Richard Clarke (15 December 1845 – 5 May 1930), born in Yorkshire, England, was a United States frontiersman, Pony Express rider, actor, and armed forces member who was widely considered by the American public to be the original inspiration for Deadwood Dick.

During his career, Clarke fought alongside George Armstrong Custer at the Battle of Little Bighorn against the combined forces of the Lakota, Northern Cheyenne, and Arapaho peoples. In his work with the Pony Express, Clarke often had to defend himself, others, and his cargo from Sioux raiders. Clarke lived long enough to see his country make peace with the Sioux, and met President Calvin Coolidge on the day the latter became an honorary member of the Sioux people. He died in the town in which he spent much of his life: Deadwood, South Dakota.

==Early life==
Richard W. Clarke was born in Hansborough, Yorkshire, England, on 15 December 1845. He lived here for the first sixteen years of his life, before immigrating to the United States in 1861. Motivated by the stories of recent gold discoveries, Clarke made his way to Illinois where he fell in with a band of prospectors. At the height of excitement about gold discoveries in the Black Hills, Clarke traveled the Overland Trail into Dakota territory; completing the trip took over two months. Clarke joined the illegal settlement at Deadwood and was instrumental in building the town. The town flourished, despite the fact that the land of the Black Hills had been granted to the local Lakota people by the 1868 Treaty of Fort Laramie.

==Career==
Clarke was widely considered to be a hero of the Old West – a man who endured the hardships of frontier life, engaged in mining, battled Native Americans, worked for the Pony Express, acted as a local guide, and was employed as an assistant to United States Marshals. He fought under the command of George Armstrong Custer at the Battle of Little Bighorn, in eastern Montana Territory on 25/26 June 1876. The 7th Cavalry Regiment, led by Custer, faced the combined forces of the Lakota, Northern Cheyenne, and Arapaho peoples, but the United States effort was a failure, and the battle resulted in the deaths of Custer and a casualty rate of 52%, with 300 military personnel either dead or wounded.

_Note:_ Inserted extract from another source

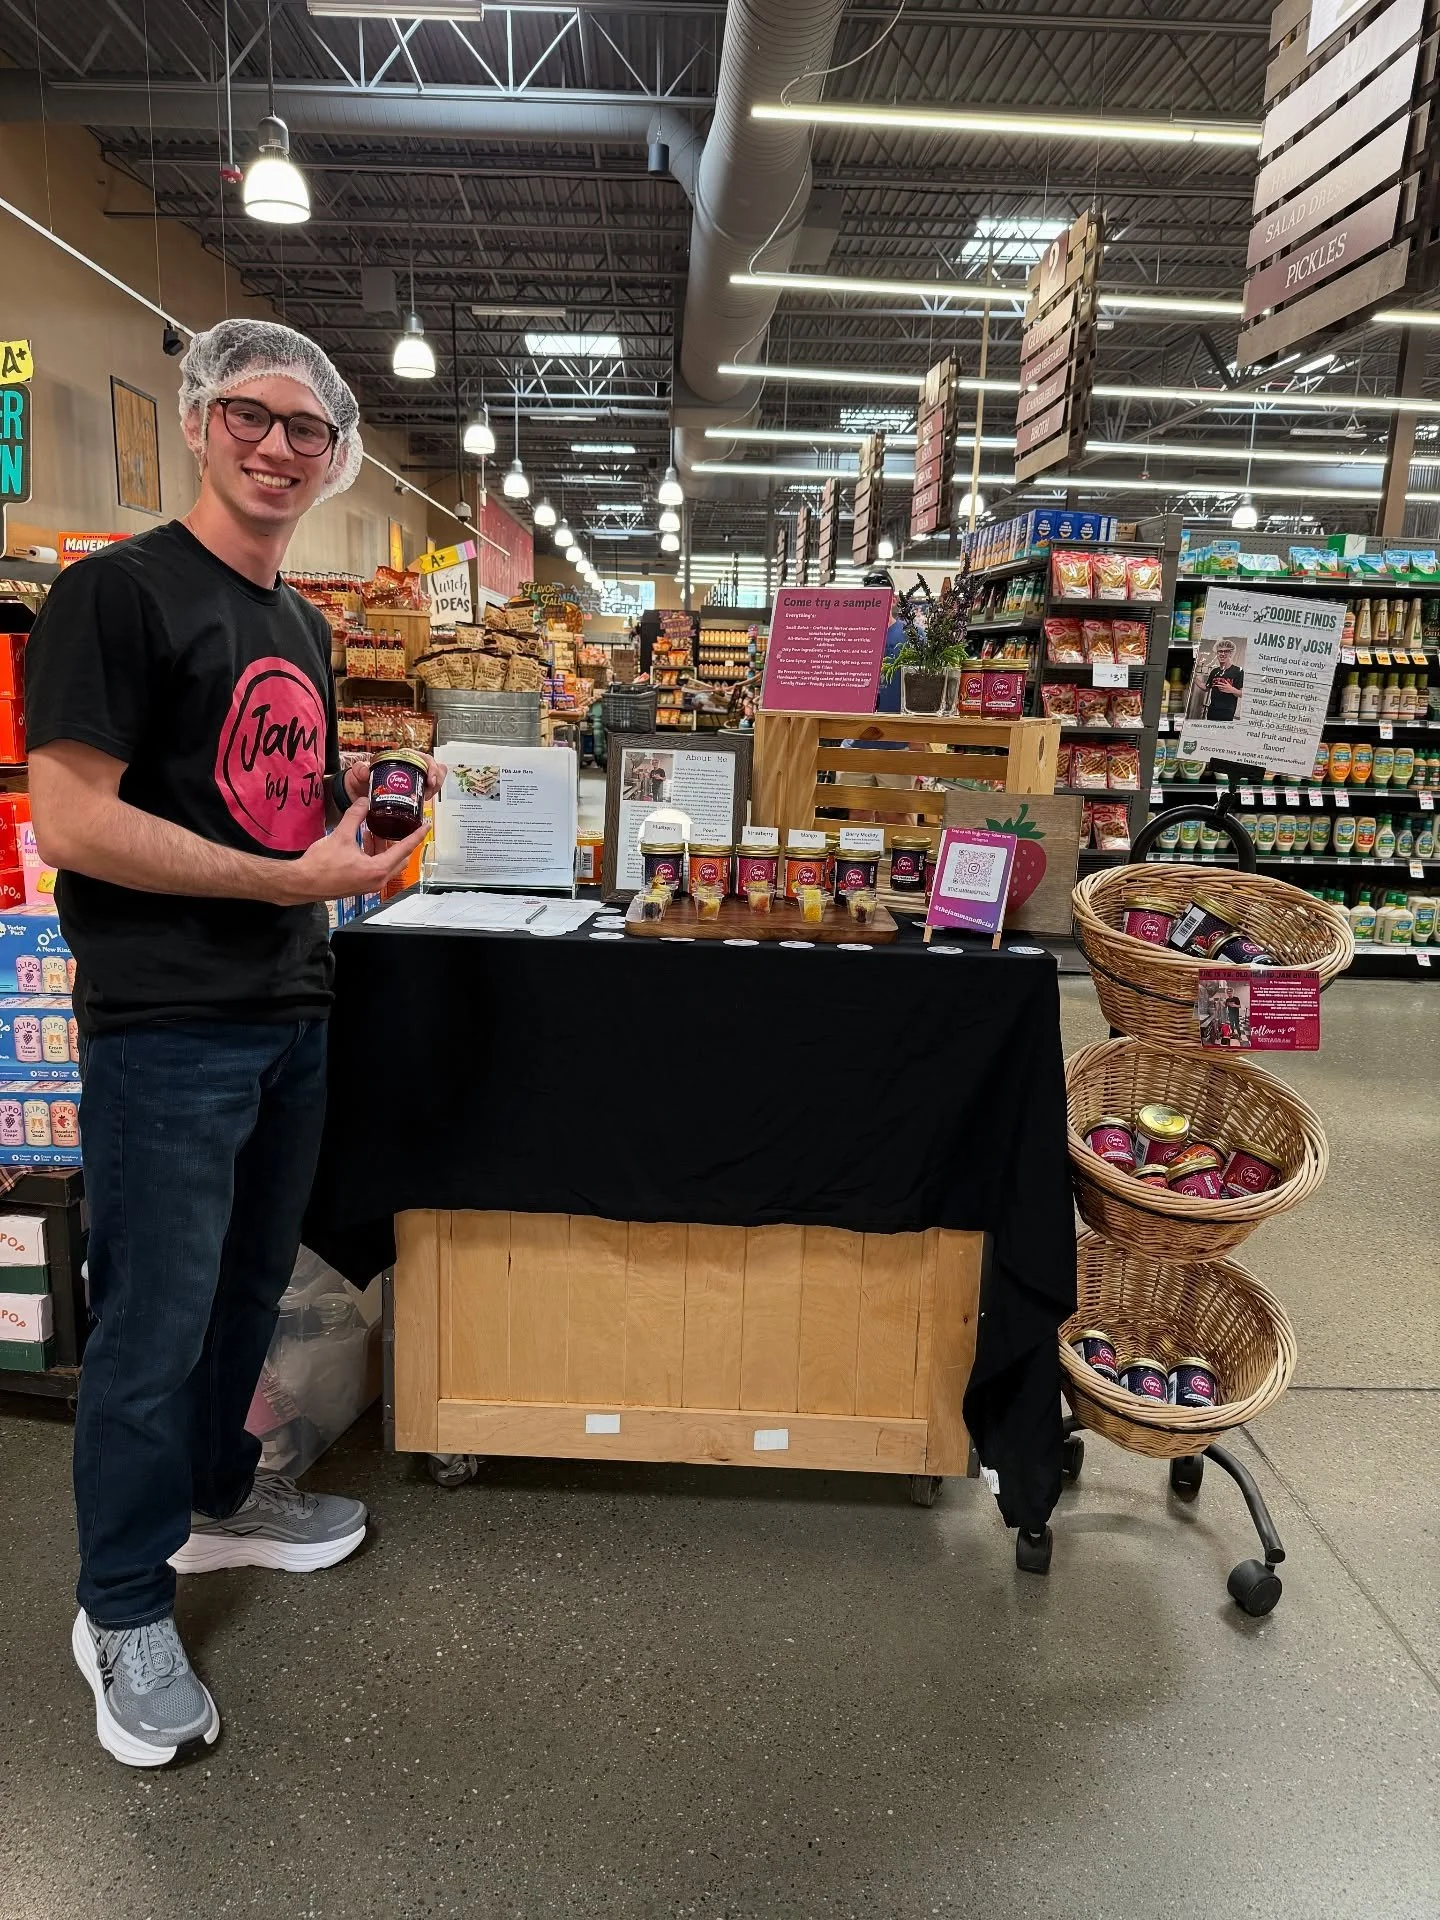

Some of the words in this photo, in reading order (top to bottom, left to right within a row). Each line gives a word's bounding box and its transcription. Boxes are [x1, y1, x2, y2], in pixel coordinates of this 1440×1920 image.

Clarke managed to both escape the carnage and to establish his reputation as a respected Indian fighter. Following the battle, Clarke devoted time to refuting the rumor that Custer's death had been a suicide and supporting the notion that the military leader met his end at the hands of the Indians they were fighting.

Settling in Deadwood, Clarke claimed the acquaintance of such notable figures as Wild Bill Hickok, Calamity Jane, Buffalo Bill Cody, Poker Alice Tubbs, and Captain Jack Crawford. He adopted the moniker of "Deadwood Dick", long before Deadwood Dick became a famous fictional character.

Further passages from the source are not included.